YOUR OBJECTIVE: Make an exact copy of the records, and keep the pictures out of it.

________________________

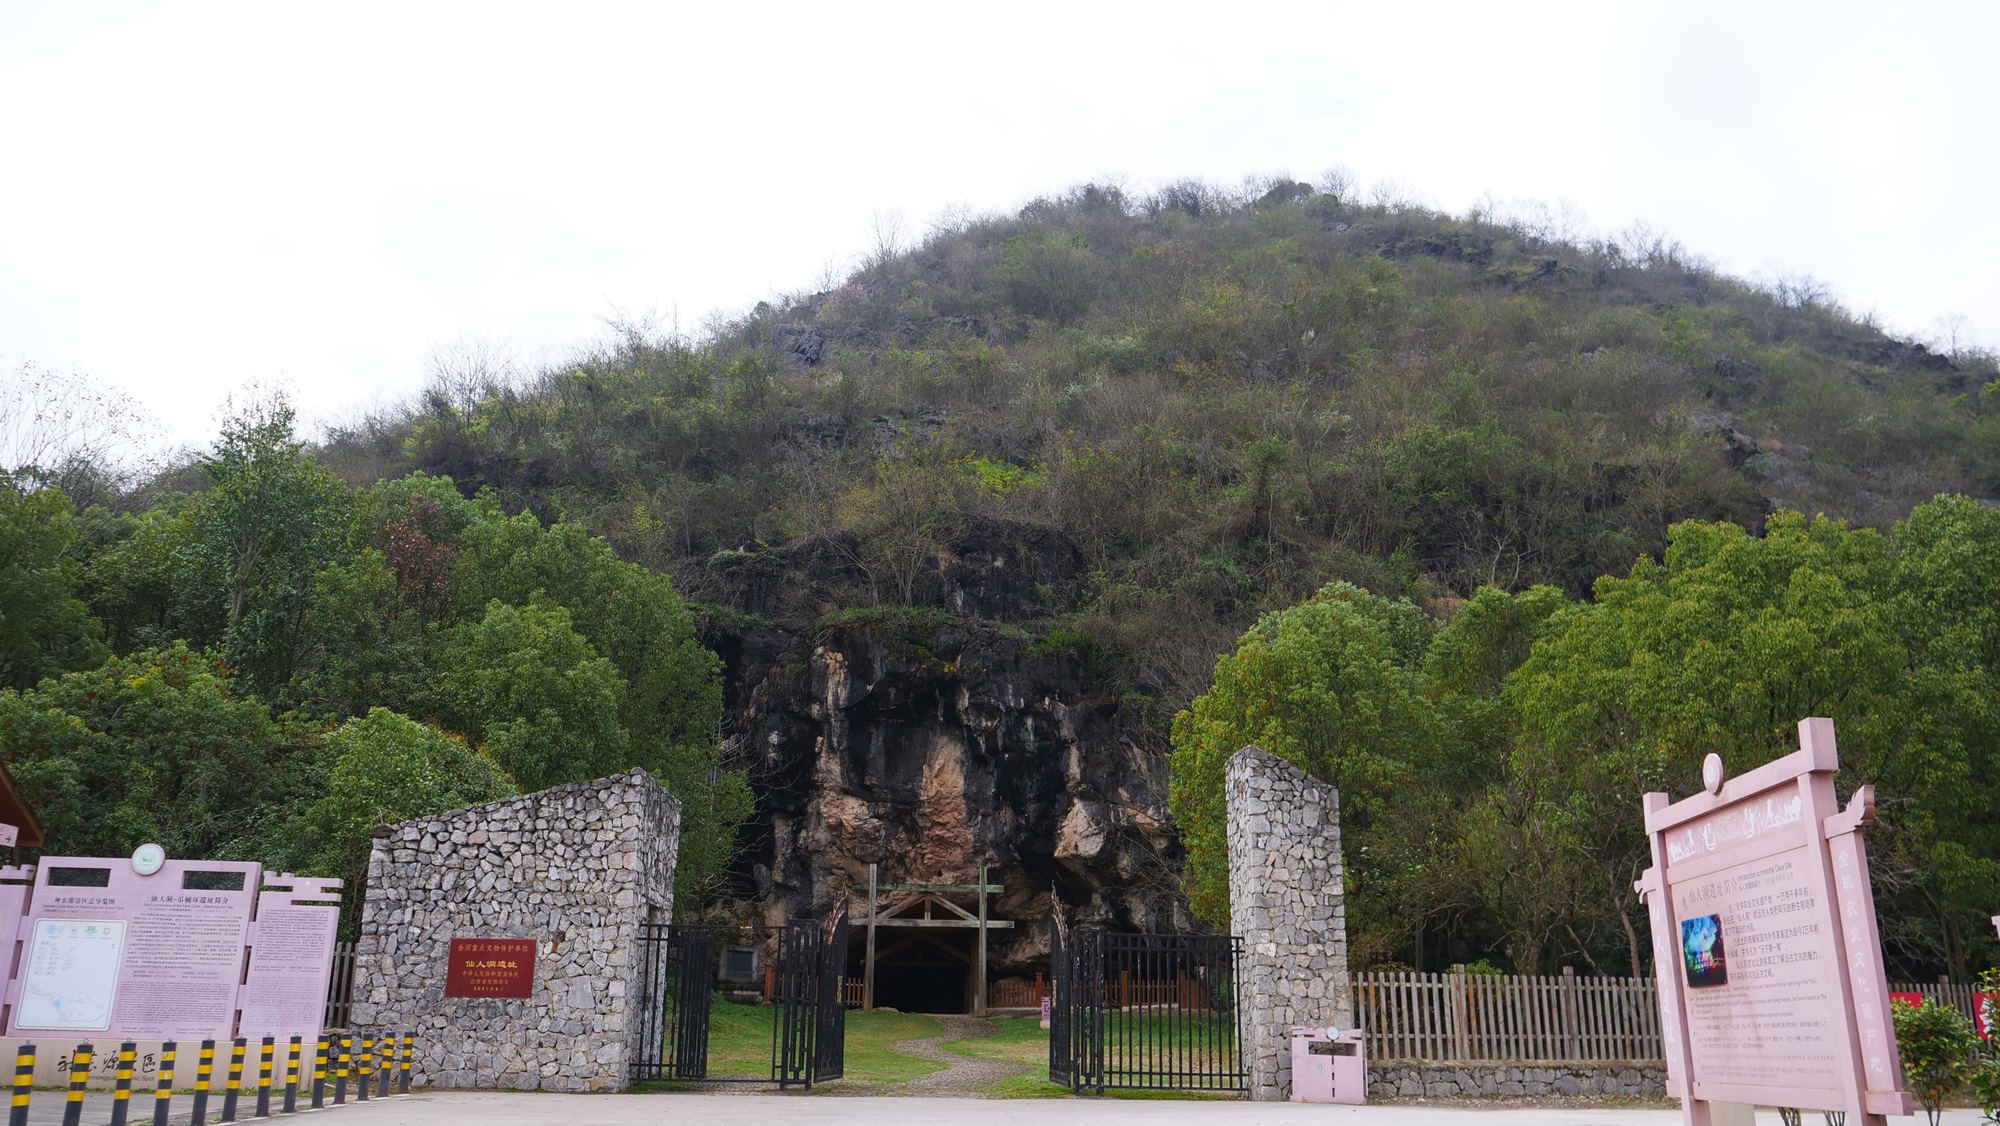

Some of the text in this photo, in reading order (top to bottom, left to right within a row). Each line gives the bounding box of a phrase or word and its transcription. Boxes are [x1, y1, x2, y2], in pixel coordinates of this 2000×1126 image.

[1689, 877, 1738, 905] 仙人洞遗址简介
[457, 944, 529, 952] 全国重点文物保护单位
[465, 960, 518, 969] 仙人洞遗址
[1838, 850, 1883, 1073] 全球农业文化遗产地

________________________

WRITTEN ANSWER:
Some of the text in this photo, in reading order (top to bottom, left to right within a row). Each line gives the bounding box of a phrase or word and its transcription. Boxes are [x1, y1, x2, y2], in pixel coordinates of this 2000×1126 image.

[1689, 877, 1738, 905] 仙人洞遗址简介
[457, 944, 529, 952] 全国重点文物保护单位
[465, 960, 518, 969] 仙人洞遗址
[1838, 850, 1883, 1073] 全球农业文化遗产地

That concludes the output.